README
quick-model
It provides serialization and deserialization using a defined data model. That's it.
What is it for?
Mapping data from A to B.
E.g. your database query returns snake_cased keys and embedded relationships but you want to send it to the client with camelCase keys and sideloaded relationships. quick-model can do that.
Another usecase is a client sends data to your server in a client-friendly format and you need to 'deserialize' it into yet another format and insert it into some 3rd party database like a SalesForce table with a wacky__c
schema.
Quick install:
npm install quick-model
Quick model setup:
const {
Model,
Transforms
} = require('quick-model');
const {
attr,
one
} = Model;
const {
stringTransform
} = Transforms;
const personModel = new Model({
name: attr(stringTransform)
});
const bookModel = new Model({
title: attr(stringTransform),
author: one(personModel)
});
Quick serializer setup:
Imagine your database query returns an object (continuing the example above) :
const book = await db.books.findByTitle('foundation');
console.log(book);
// {
// book_title: 'Foundation',
// book_author: {
// full_name: 'Isaac Asimov'
// }
// }
Notice the differences between db result and defined model.
database -> model
book_title
-> title
book_author
-> author
full_name
-> name
This is where quick-model shines. Let us make a quick serializer!

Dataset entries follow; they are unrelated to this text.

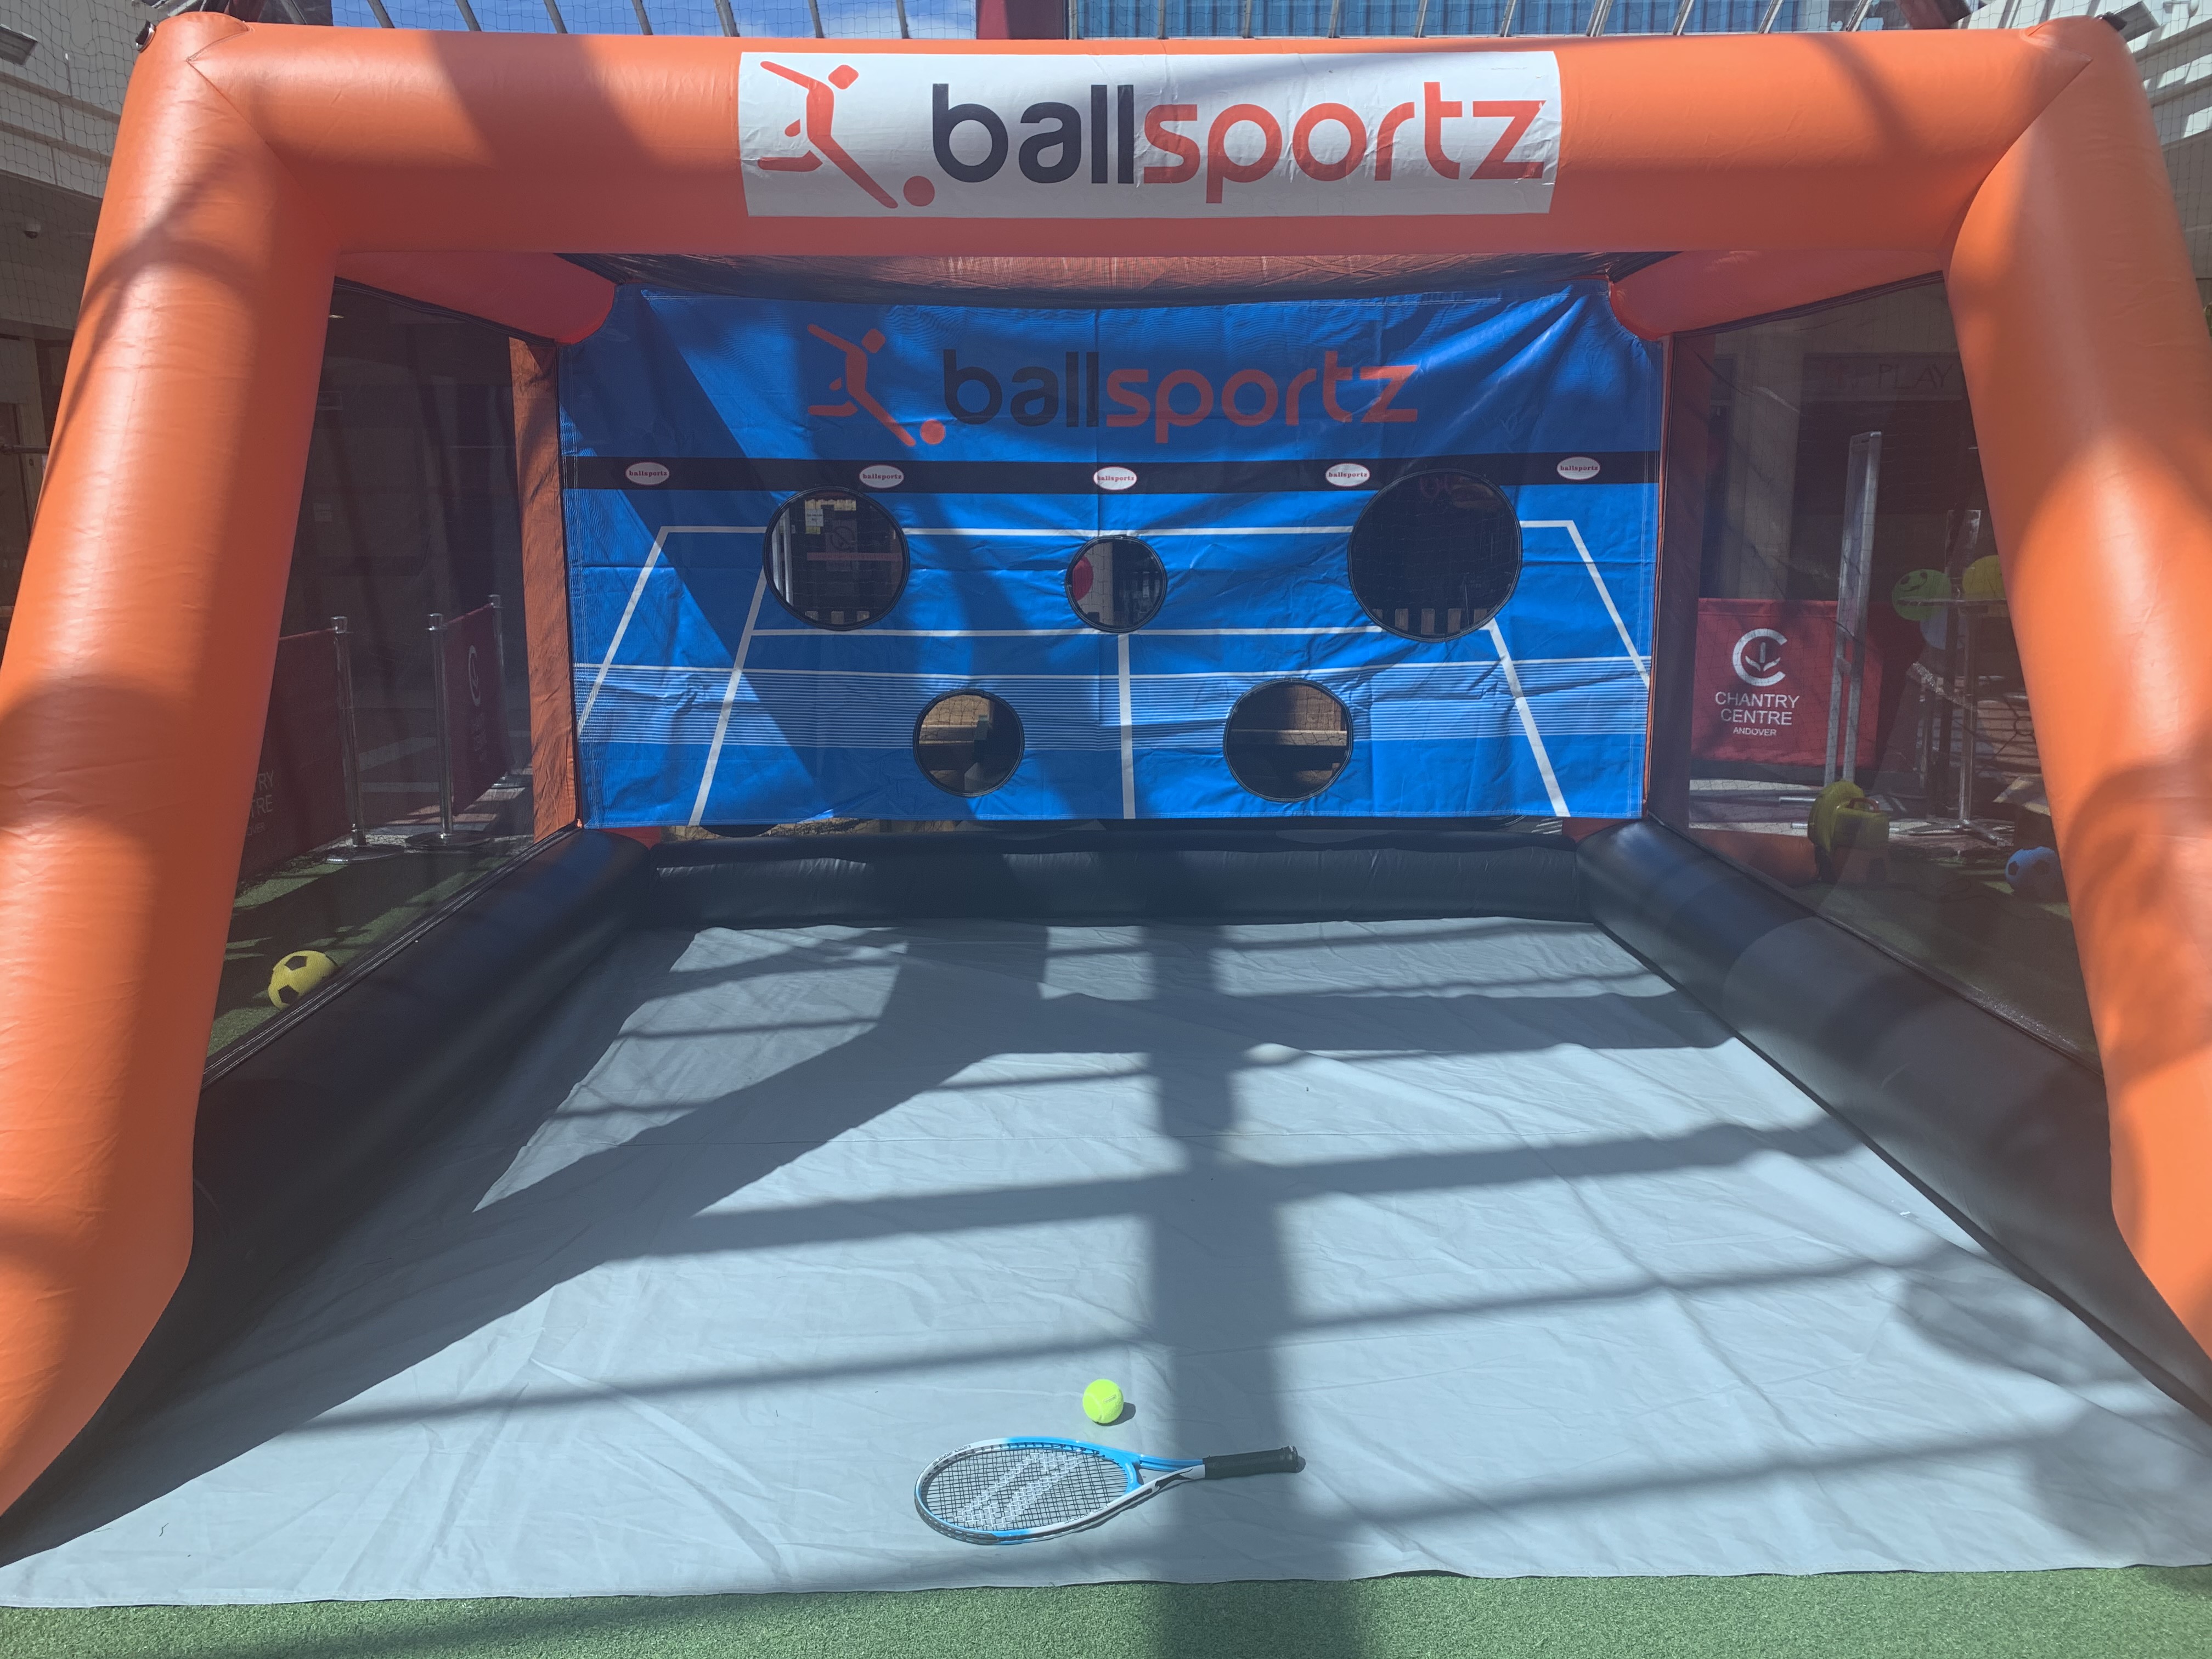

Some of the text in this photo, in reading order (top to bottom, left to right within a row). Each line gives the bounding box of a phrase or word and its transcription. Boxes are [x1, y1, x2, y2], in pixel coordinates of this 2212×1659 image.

[932, 81, 1545, 204] ballsportz
[943, 348, 1418, 443] ballsportz
[1715, 691, 1800, 708] CHANTRY
[1720, 708, 1793, 725] CENTRE
[1733, 726, 1777, 736] ANDOVER

const { Serializer } = require('quick-model');
const personSerializer = new Serializer({
model: personModel,
keyForNonSerializedAttribute(attribute) {
const { name } = attribute;
// attribute.name is the key you defined when creating an attr() in your model.
if (name === 'name') {
return 'full_name';
}
// default behavior
return name;
}
});
const bookSerializer = new Serializer({
model: bookModel,
serializers: {
author: personSerializer
},
keyForNonSerializedAttribute(attribute) {
const { name } = attribute;
return `book_${name}`;
},
keyForNonSerializedRelationship(relationship) {
const { name } = relationship;
if (name === 'author') {
return 'book_author';
}
return name;
}
});
Now you can call bookSerializer.serialize(dataFromDatabase)
.
It will properly extract the fields from the raw data and , by default, return an object that resembles how the model was defined:
bookSerializer.serialize({
book_title: 'Foundation',
book_author: {
full_name: 'Isaac Asimov'
}
});
// returns:
{
title: 'Foundation',
author: {
name: 'Isaac Asimov'
}
}
This is a simple example. But you can model some really unfriendly data and serialize it into something friendly :)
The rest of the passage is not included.